The primary research interests of my research group is in quantifying the hydrologic impacts of both climate change and land cover disturbance processes across multiple scales. The scientific community’s understanding of climate change continues to evolve, and so we need a flexible framework—models, observations, and communication—to evolve together with this understanding. The tools we use in my research group to address these challenges involve integrating observations with modeling and statistics, to attribute causes and improve process understanding.
Since 2002, the Upper Colorado River Basin (UCRB) region has experienced widespread tree mortality from bark beetle infestation that has taken place across a range of forest types, elevation, and latitude. Additional disturbance has resulted from deposition of regional dust on mountain snowpacks, which strongly alters the snow surface albedo. Potential changes in regional hydrology have important implications for regional water management decisions, i.e. reservoir operation and planning. To address these issues, I led an interdisciplinary research effort to quantify how the aforementioned snowmelt perturbations affect water regional resources.
This was the first study to explore the combined hydrologic impacts of bark beetle and dry-land dust deposition on snow. The extent and severity of hydrologic disturbances were used to parameterize and drive a high-resolution hydrologic modeling framework (~100 m grid cells) using aerial survey data, MODIS-derived leaf area index (LAI), and dust-on-snow radiative loading, as well as in situ measurements. Results show that bark beetles contribute to overall increases in annual water yield of approximately 10%, primarily due to greater snow accumulation from reduced canopy interception and ET. However, maximum understory regeneration roughly halves the changes in water yield. Dust-on-snow led to earlier simulated peak streamflow rates of 1–3 weeks, consistent with previous literature, while combined bark beetle and dust-on-snow produced modest compounding effects, due to their relatively exclusive nature.
Observational Hydrometeorological Dataset Development
A common challenge in driving land surface models, or evaluating climate model predictions is the lack of comprehensive observations at the spatial and temporal resolutions that the models operate. To address this issue, I’ve developed station-based gridded hydrometeorological data sets over large parts of the North American continent with data sets extending as far back as the year 1915. Daily temperature and precipitation data from thousands of stations are combined to estimate gridded fields at a 1/16° (~6 km) resolution that I’ve used to create a set of model-derived hydrologically consistent states and fluxes at a daily time step over this large domain. Many applications for these data exist that offer insights into impacts of climate on water availability, such as mapping precipitation deficits and high temperatures during drought and simulating their effect on soil moisture.
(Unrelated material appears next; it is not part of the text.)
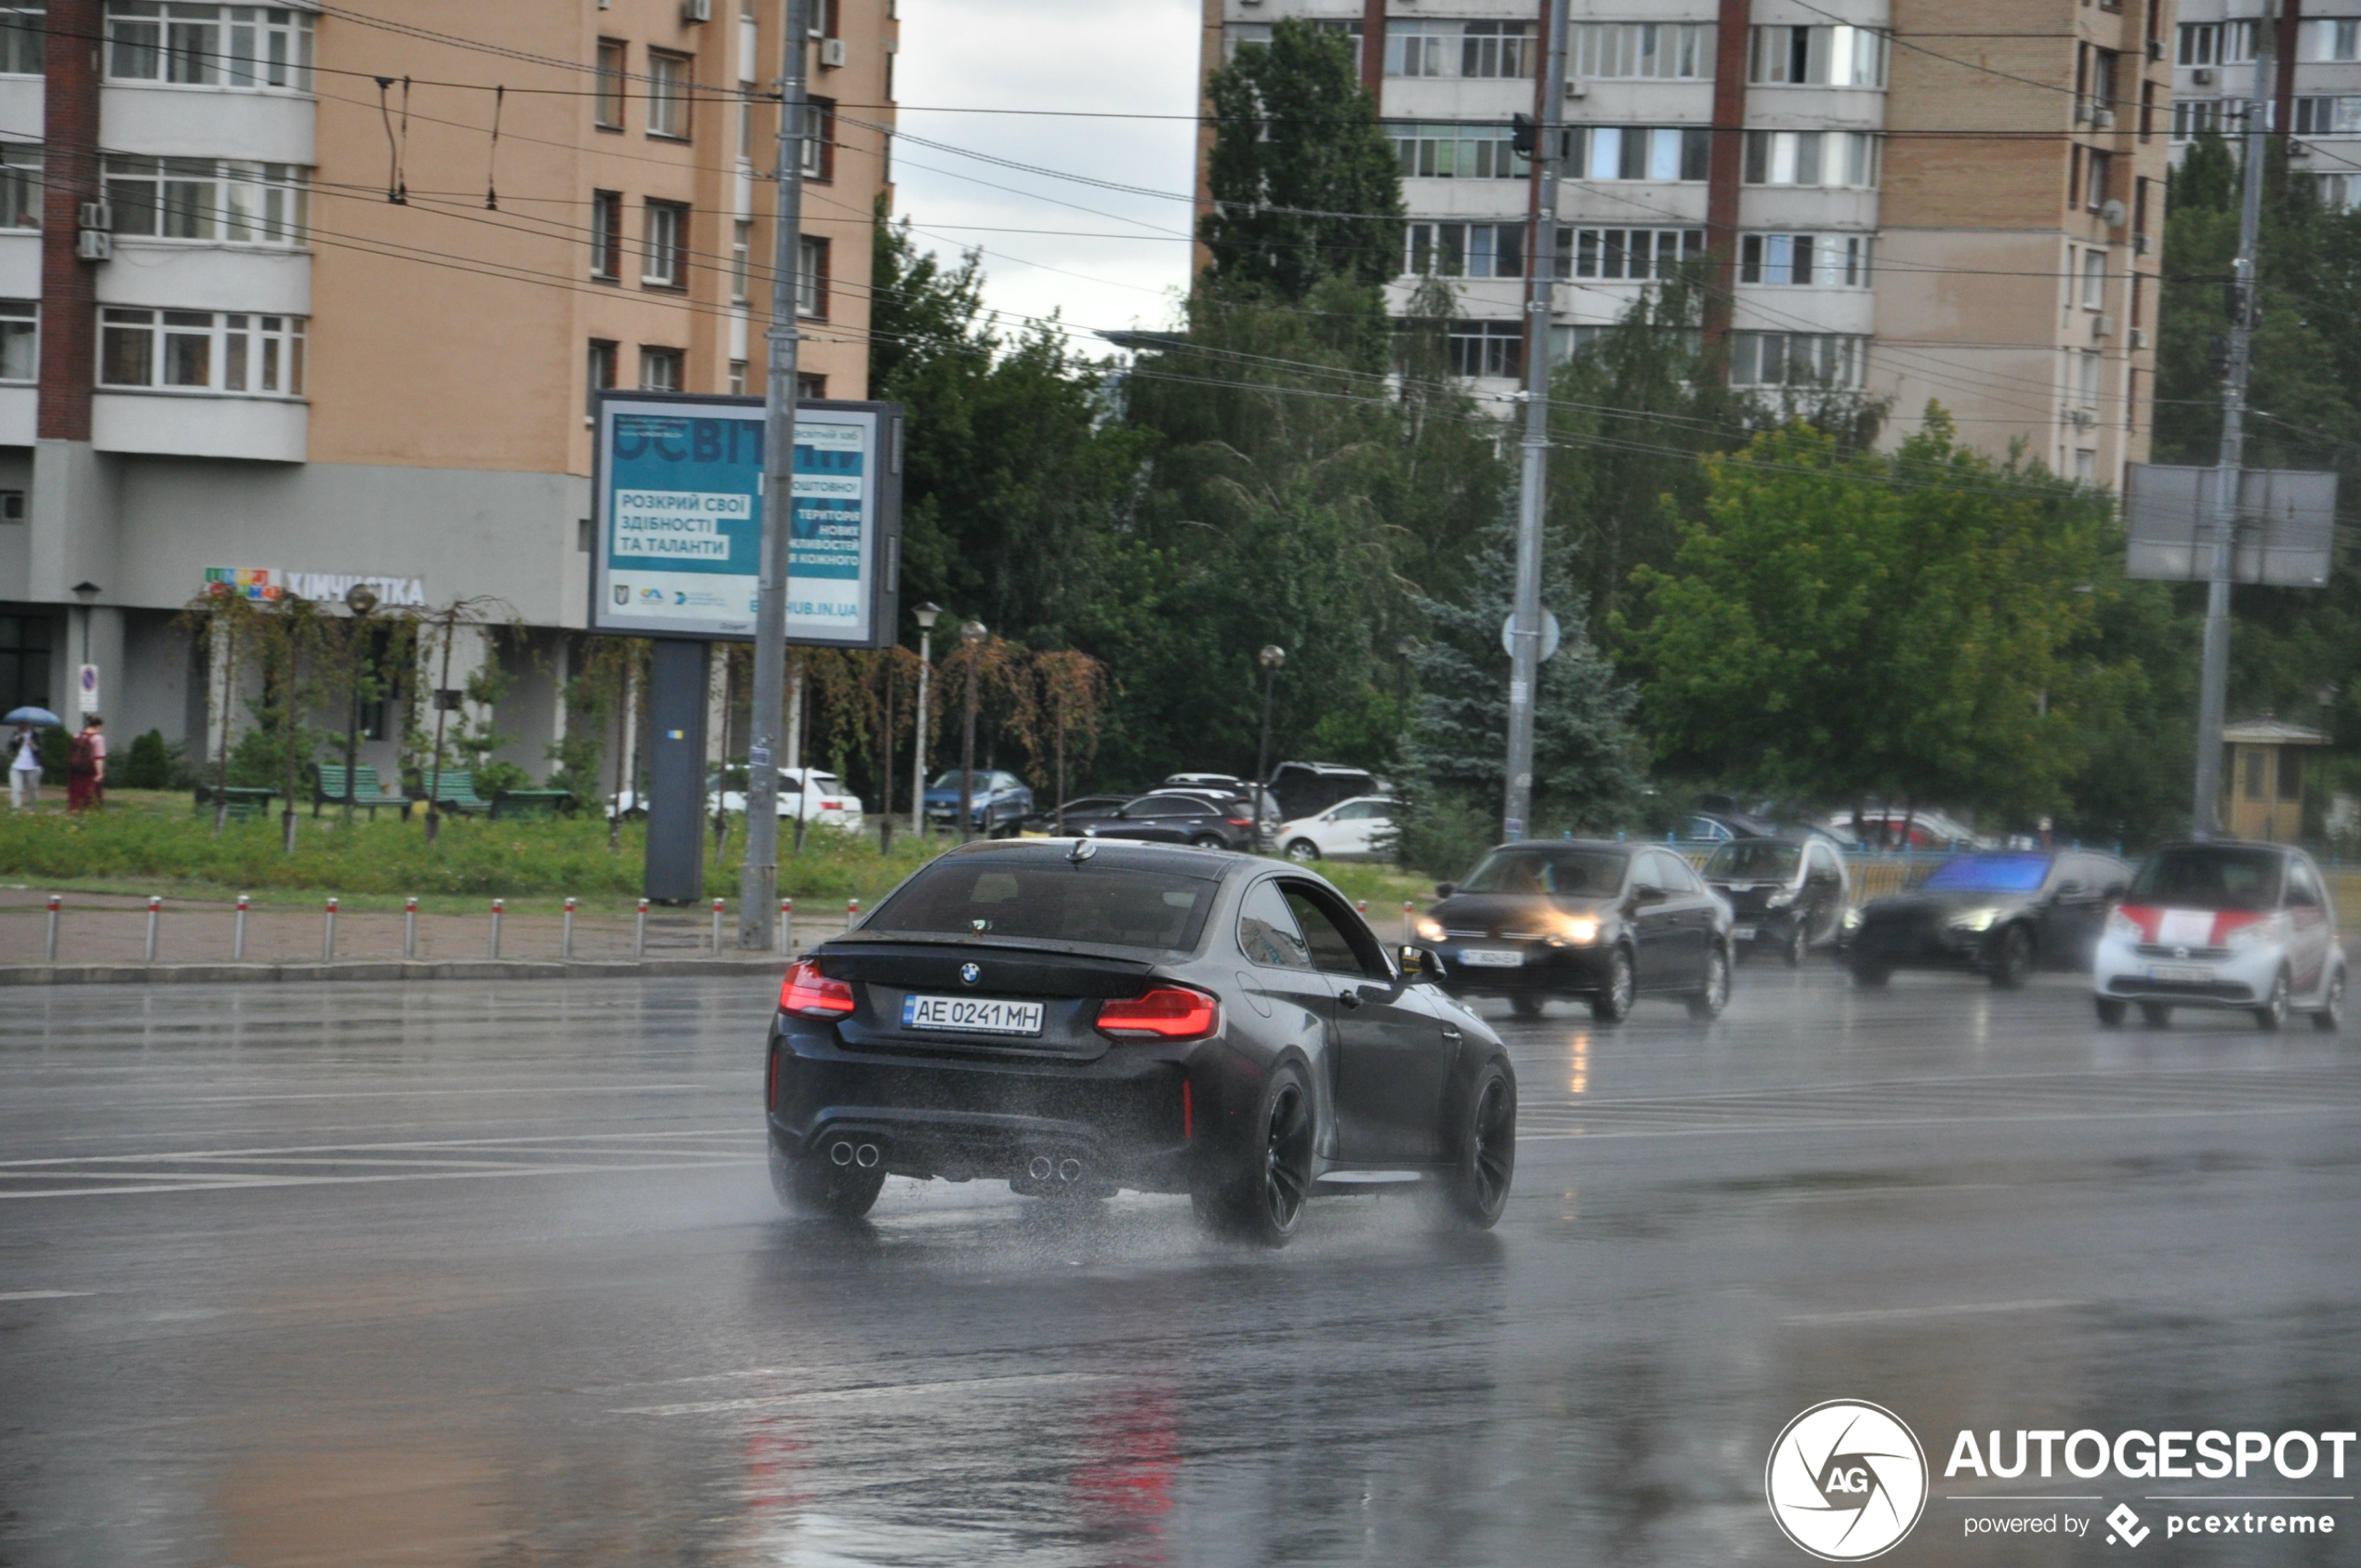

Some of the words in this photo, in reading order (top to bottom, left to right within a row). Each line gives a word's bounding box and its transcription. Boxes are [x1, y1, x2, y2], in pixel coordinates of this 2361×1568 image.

The occurrence of drought is associated with damage to property, outbreaks of disease, and famine. One possible explanation for these impacts is the lack of prompt and comprehensive preparation and response due to the lack of proper recognition of drought development. Therefore, improving drought prediction has potential to prevent innumerable damages, yet drought remains difficult to observe and model drought due to its broad scale and scope. My research aims to advance the understanding of drought processes by modeling relationships between precipitation deficits, high temperatures, and soil response. Major regions of interest include the Colorado River Basin, California, and the Great Plains—all areas of either regional importance, large populations, or agricultural vulnerability. My preliminary analyses shows that physically-based land surface models and remote sensing independently reproduce key drought signals. The ability to realistically model drought enables a clearer process understand of historical events as well as potential future drought characteristics altered by climate change.